I decided on using ‘terminuses’ rather than ‘termini’. There seems no good reason to use Latin plurals for a technology that the Romans, despite their fantastic ingenuity, did not develop.

INTRODUCTION

STATIONS WERE AN afterthought when the first railways were built. The Stockton & Darlington, a pioneering but technologically primitive railway, had no stations at all when its first trains ran in 1825. The Liverpool & Manchester, which opened five years later as the first intercity modern railway, did a little better, with huts at either end. Initially, stations on the early railways were crude affairs, little more than a path between tracks to enable passengers to clamber aboard and possibly a ticket office that might be located in the local pub.

By the time the railways reached London in 1836, six years after the completion of the Liverpool & Manchester Railway, providing facilities for passengers was still seen by the railway companies as an irritating necessity rather than as a way of encouraging greater use.

The first terminus, London Bridge, opened in December 1836, provided little for its early passengers and had no architectural merit, but Euston, completed the following year, was a far grander affair as befitted the capital’s first main-line station. It was not so much that the passengers were offered any facilities to help them on their way but, rather, the railway company, the London & Birmingham, decided to erect a huge Doric arch in front of the station that served no purpose other than to demonstrate the importance of the company and of this new technology.

Things did begin to improve. The railway companies started to realize that passengers wanted a bit more than a ‘platform’ to access the trains, such as waiting rooms, toilets, newsagents, porters, ticket offices and easy connections to onward transport. The opening of these two stations triggered a quite remarkable period of station construction, which over the space of a mere four decades provided London with more than a dozen terminuses, nearly all of which, as this book describes, survive today. Only one, Marylebone, was built after 1874, and that was one of the most modest. It is a bigger collection of major terminus stations than has been built in any other city of the world and the process of the development and construction of these stations created the London of today. Vast swathes of housing and other older buildings, even churches and schools, were swept away in the railway companies’ rush to create this new form of transport that, in turn, caused further upheaval.

The companies were rapacious land grabbers whose rivalry was responsible for the establishment of such a large number of stations, but they had one aim in common: they wanted to get as near the centre of the capital as possible. Several companies started with stations that were further out and found that this severely constrained their ability to attract passengers. The reason why the stations ended up as a ring around the centre, nearly all connected by the Underground’s Circle Line, is a key part of this story.
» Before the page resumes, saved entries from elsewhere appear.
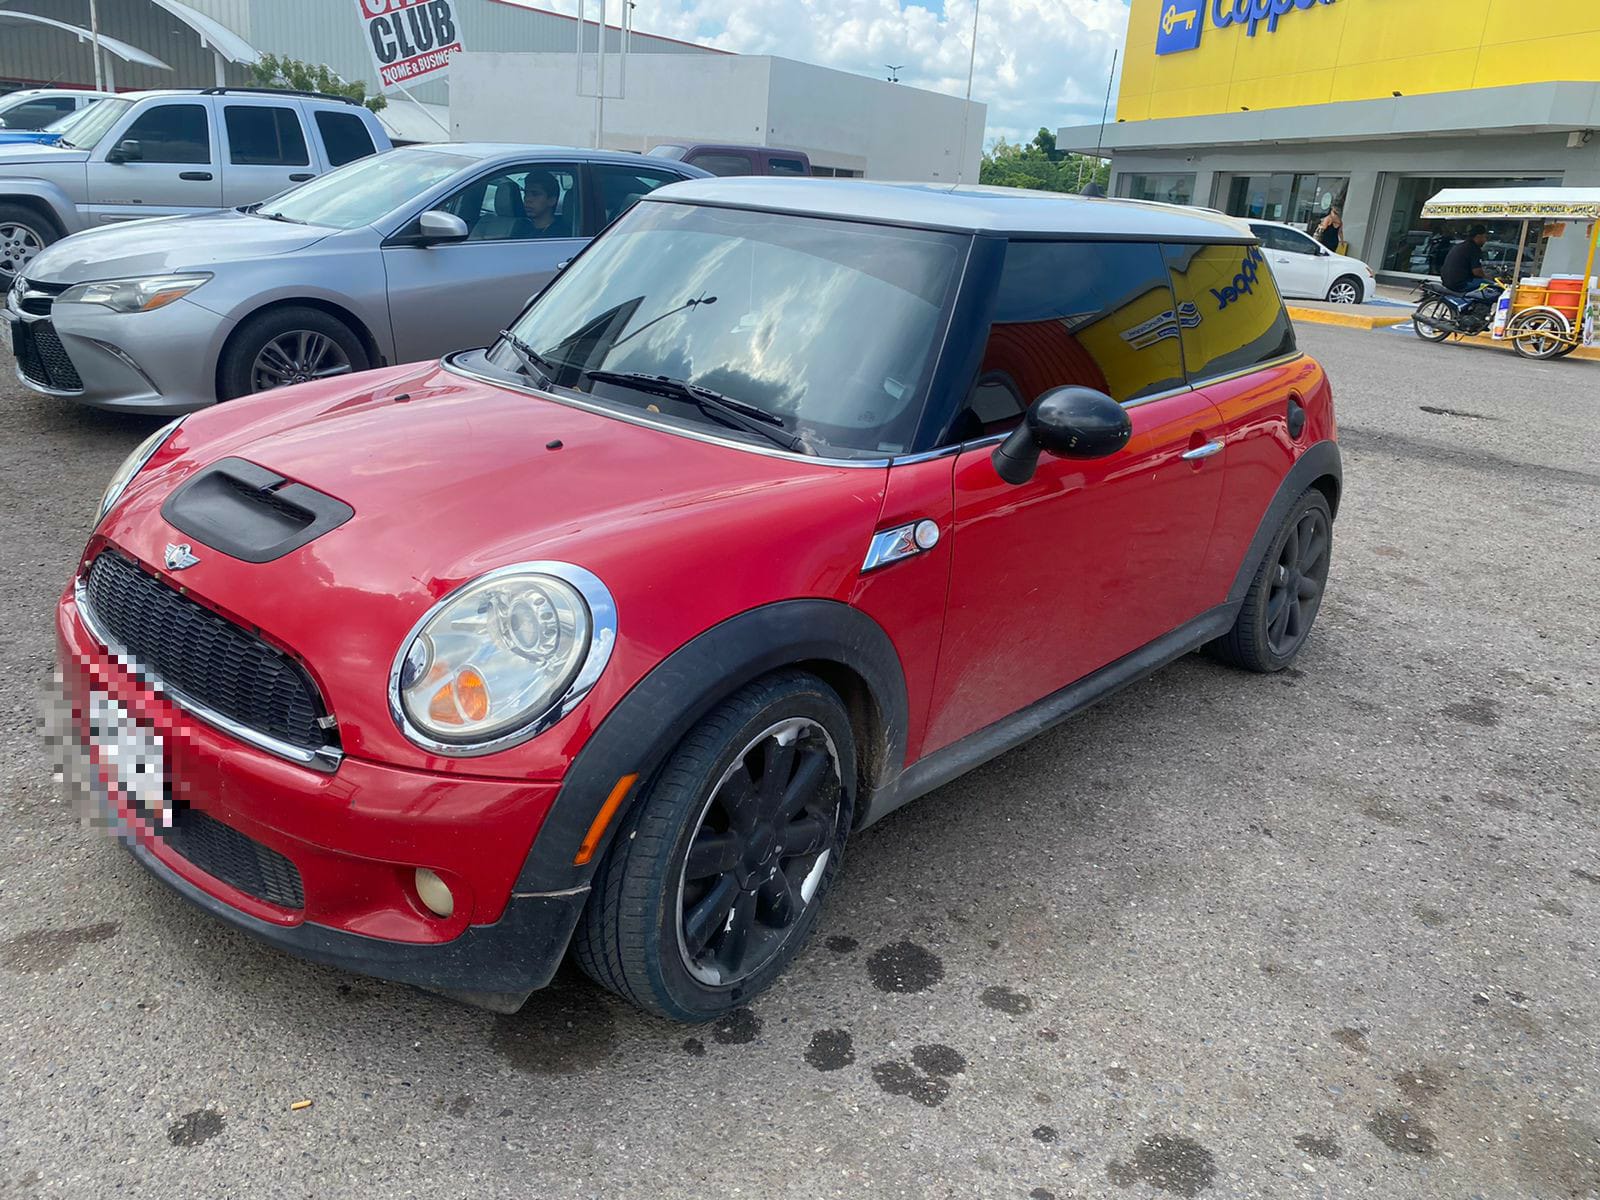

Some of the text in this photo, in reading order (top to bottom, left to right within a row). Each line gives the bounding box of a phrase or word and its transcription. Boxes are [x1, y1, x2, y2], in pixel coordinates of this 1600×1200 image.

[370, 0, 456, 63] CLUB
[1212, 0, 1336, 37] Copp
[418, 46, 461, 72] BUSINE
[1462, 205, 1478, 214] COCO
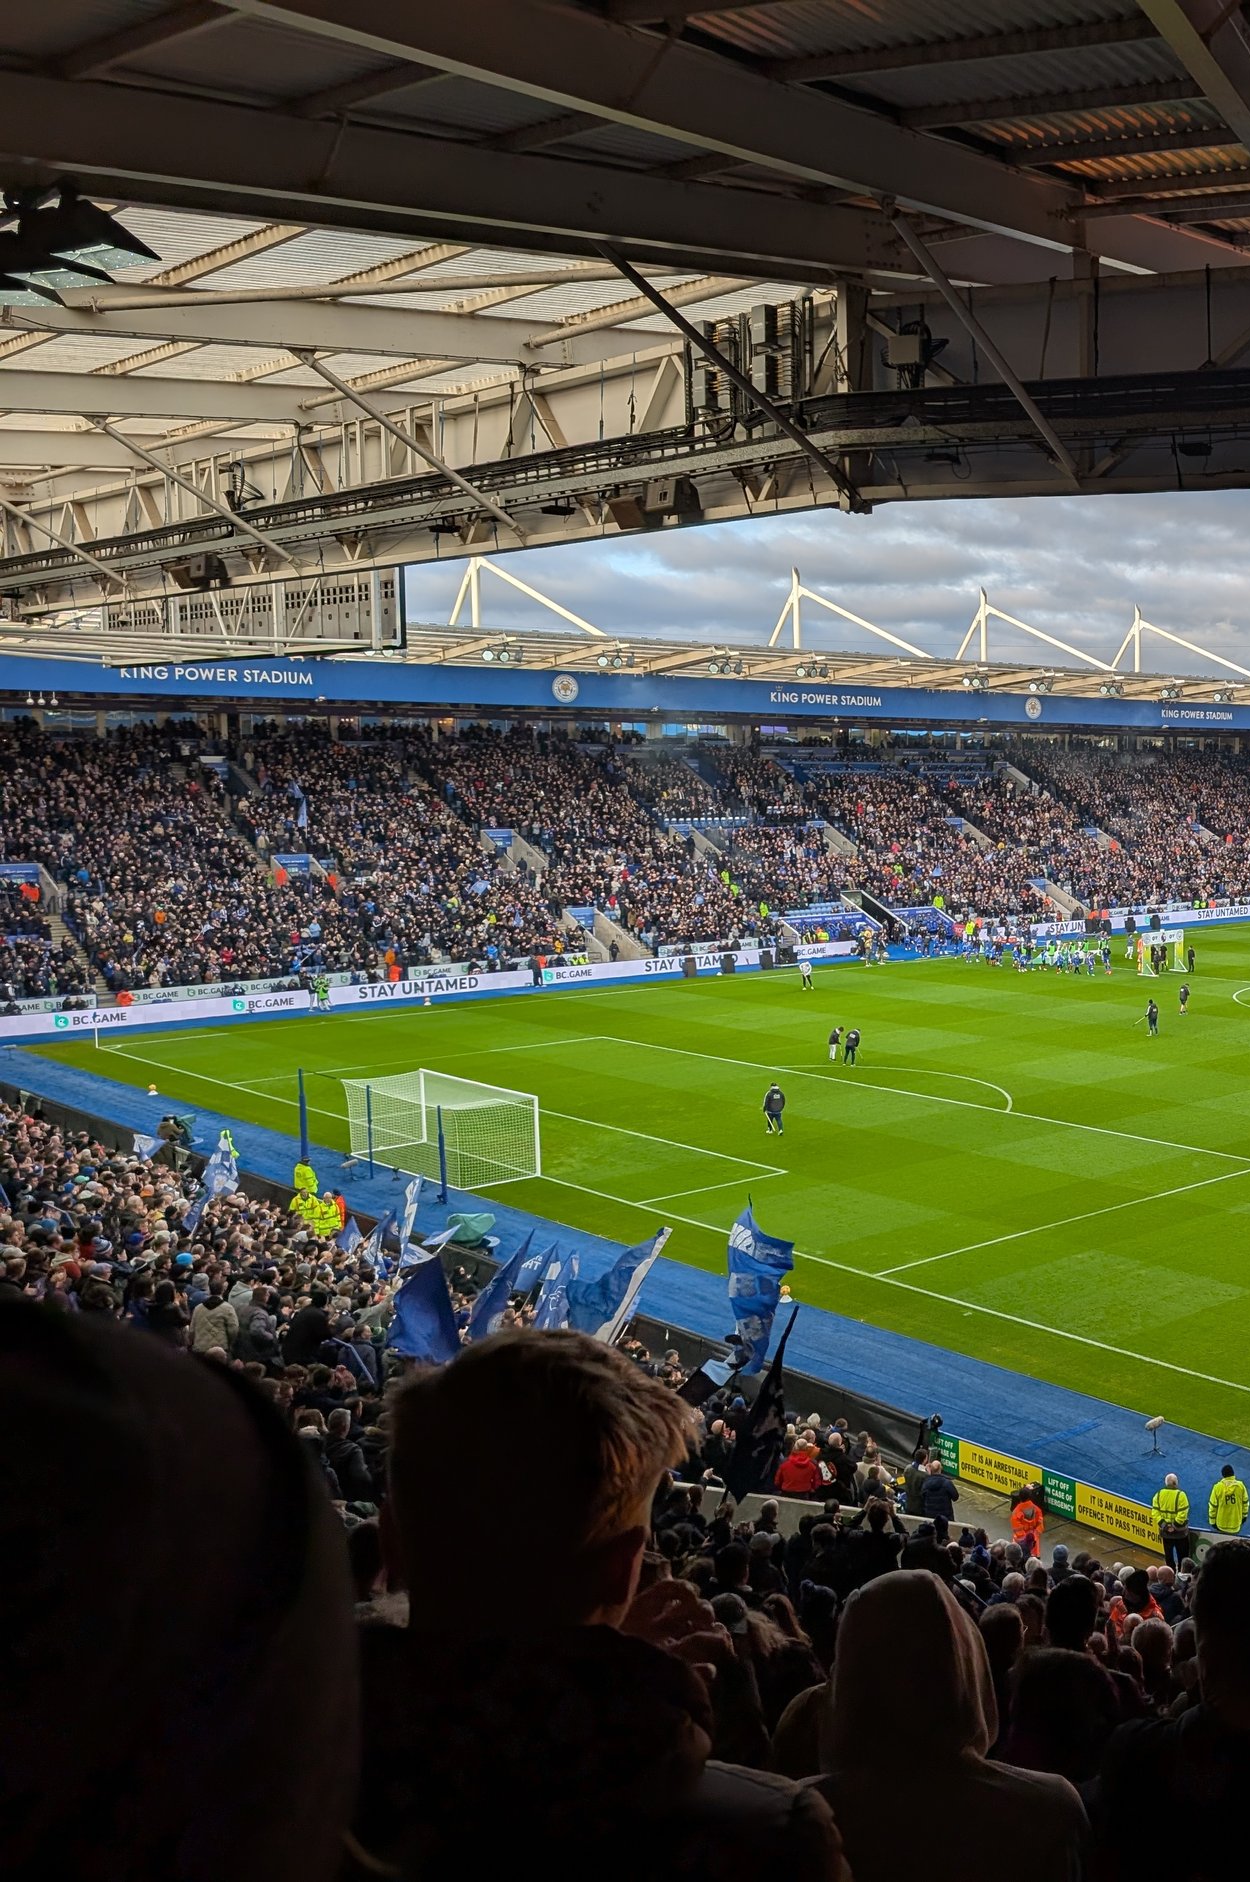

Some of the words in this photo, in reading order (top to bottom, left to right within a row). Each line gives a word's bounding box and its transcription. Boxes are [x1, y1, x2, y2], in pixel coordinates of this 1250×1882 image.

[120, 667, 168, 680] KING
[175, 668, 238, 682] POWER
[243, 670, 313, 685] STADIUM
[770, 692, 799, 702] KING
[802, 694, 838, 705] POWER
[840, 696, 882, 706] STADIUM
[1161, 710, 1180, 718] KING
[1180, 710, 1206, 720] POWER
[1206, 712, 1232, 720] STADIUM
[1198, 908, 1214, 919] STAY
[1216, 906, 1248, 918] UNTAMED
[1050, 922, 1070, 934] STAY
[644, 960, 674, 972] STAY
[556, 969, 592, 980] BC.GAME
[358, 984, 396, 999] STAY
[402, 976, 478, 994] UNTAMED
[249, 998, 294, 1009] BC.GAME
[72, 1012, 127, 1026] BC.GAME
[972, 1452, 977, 1460] IT
[978, 1455, 984, 1464] IS
[985, 1458, 993, 1468] AN
[994, 1460, 1029, 1480] ARRESTABLE
[961, 1462, 985, 1478] OFFENCE
[986, 1470, 993, 1480] TO
[994, 1474, 1008, 1486] PASS
[1048, 1477, 1059, 1488] LIFT
[1060, 1482, 1069, 1492] OFF
[1052, 1489, 1065, 1499] CASE
[1225, 1494, 1236, 1506] P6
[1090, 1495, 1096, 1504] IT
[1097, 1498, 1104, 1508] IS
[1104, 1501, 1113, 1512] AN
[1114, 1503, 1153, 1527] ARRESTABLE
[1078, 1504, 1104, 1523] OFFENCE
[1106, 1515, 1114, 1526] TO
[1115, 1518, 1130, 1533] PASS
[1132, 1524, 1146, 1539] THIS
[1147, 1530, 1162, 1544] POIN
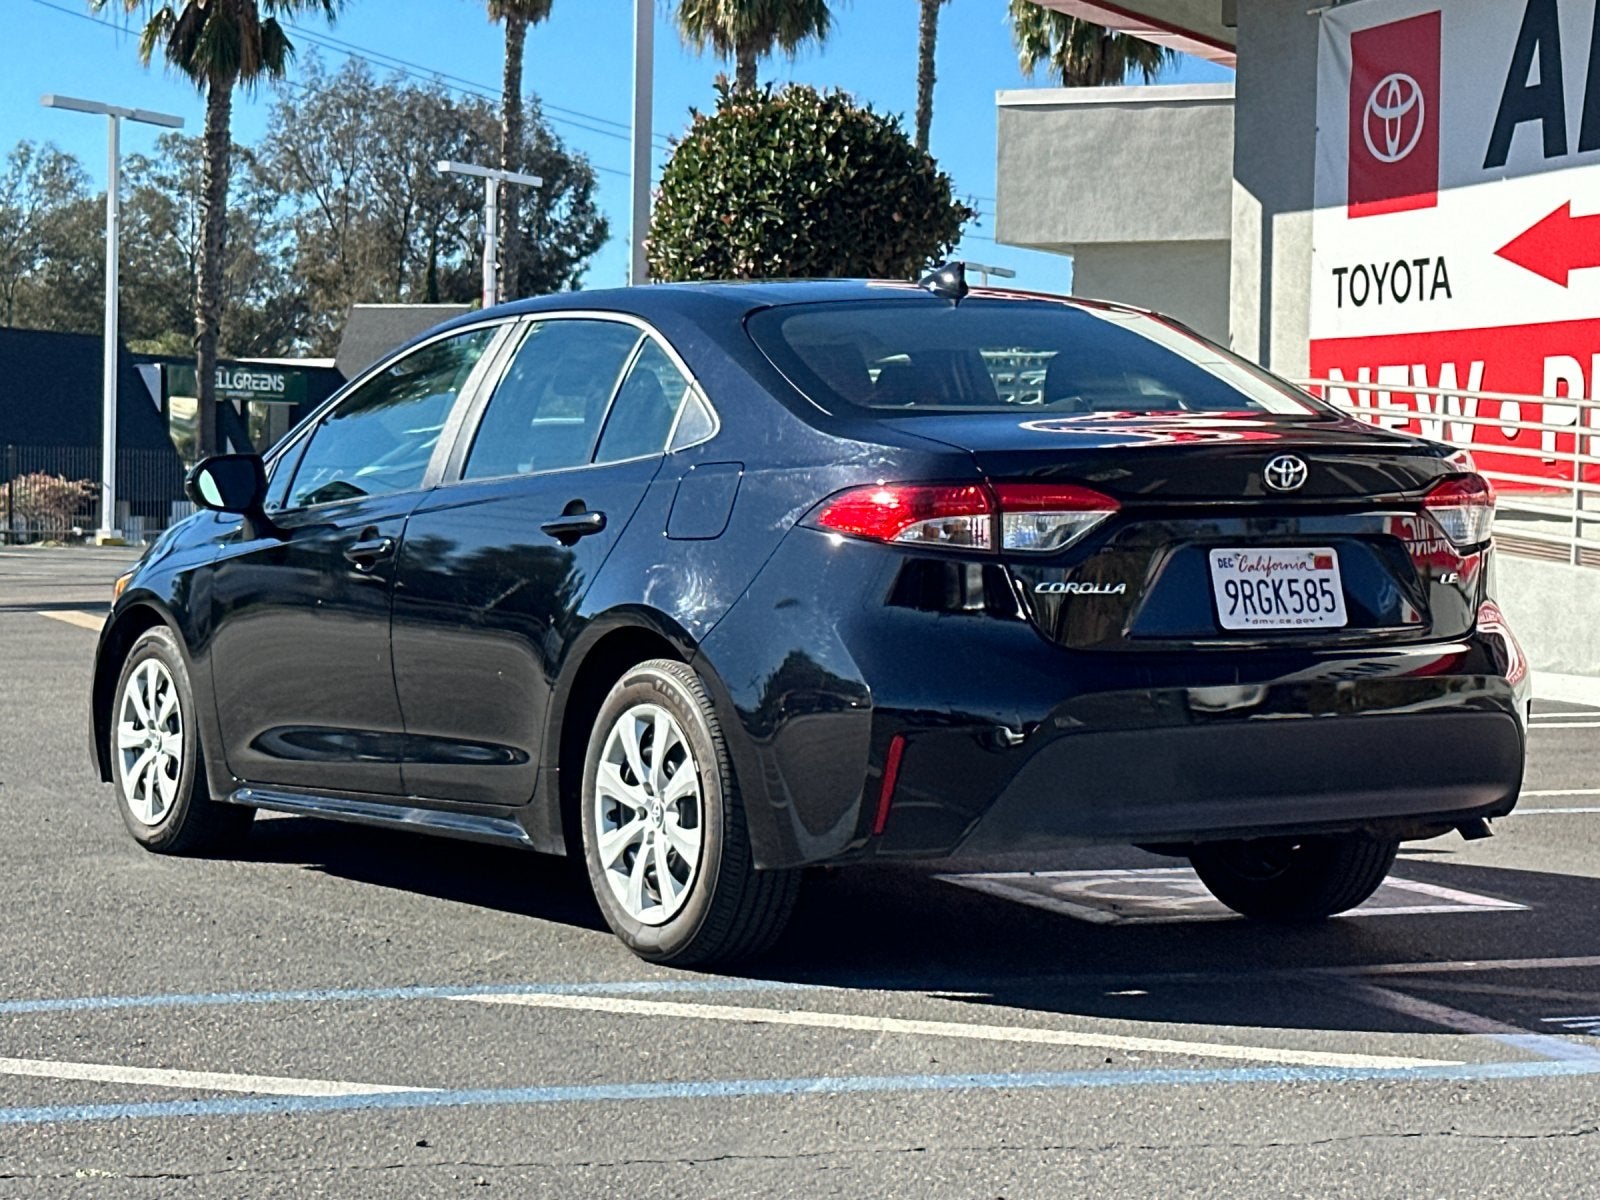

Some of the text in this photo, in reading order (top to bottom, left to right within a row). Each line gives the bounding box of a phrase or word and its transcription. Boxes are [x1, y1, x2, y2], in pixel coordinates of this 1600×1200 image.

[1332, 256, 1452, 308] TOYOTA
[195, 370, 285, 392] ELLGREENS
[1328, 361, 1485, 443] NEW
[1218, 555, 1317, 577] DEC California
[1034, 582, 1126, 594] COROLLA
[1441, 573, 1459, 584] LE
[1224, 578, 1336, 616] 9RGK585
There are other Londons that can be imagined – one, for example, with a huge central station somewhere in the heart of the city, or another where there are fewer but better coordinated stations. However, as the book shows, competition rather than cooperation was the zeitgeist and explains London’s exceptionalism. Other cities, like Paris, had numerous terminus stations but there was more order and planning in the process of their development. In London, it was the whim of the railway companies, moderated only by the light touch of Parliament, that resulted in the pattern of the capital’s railways.

Each of these stations, even the smaller ones such as Fenchurch Street, required not only, obviously, a set of tracks leading into them, which caused further disruption to the existing built environment above and beyond their construction, but also quickly spawned other development, such as goods depots, warehouses, depositories and road access. All these stations were, as we would call them today, megaprojects, massive disruptive forces whose impact stretched well beyond their boundaries.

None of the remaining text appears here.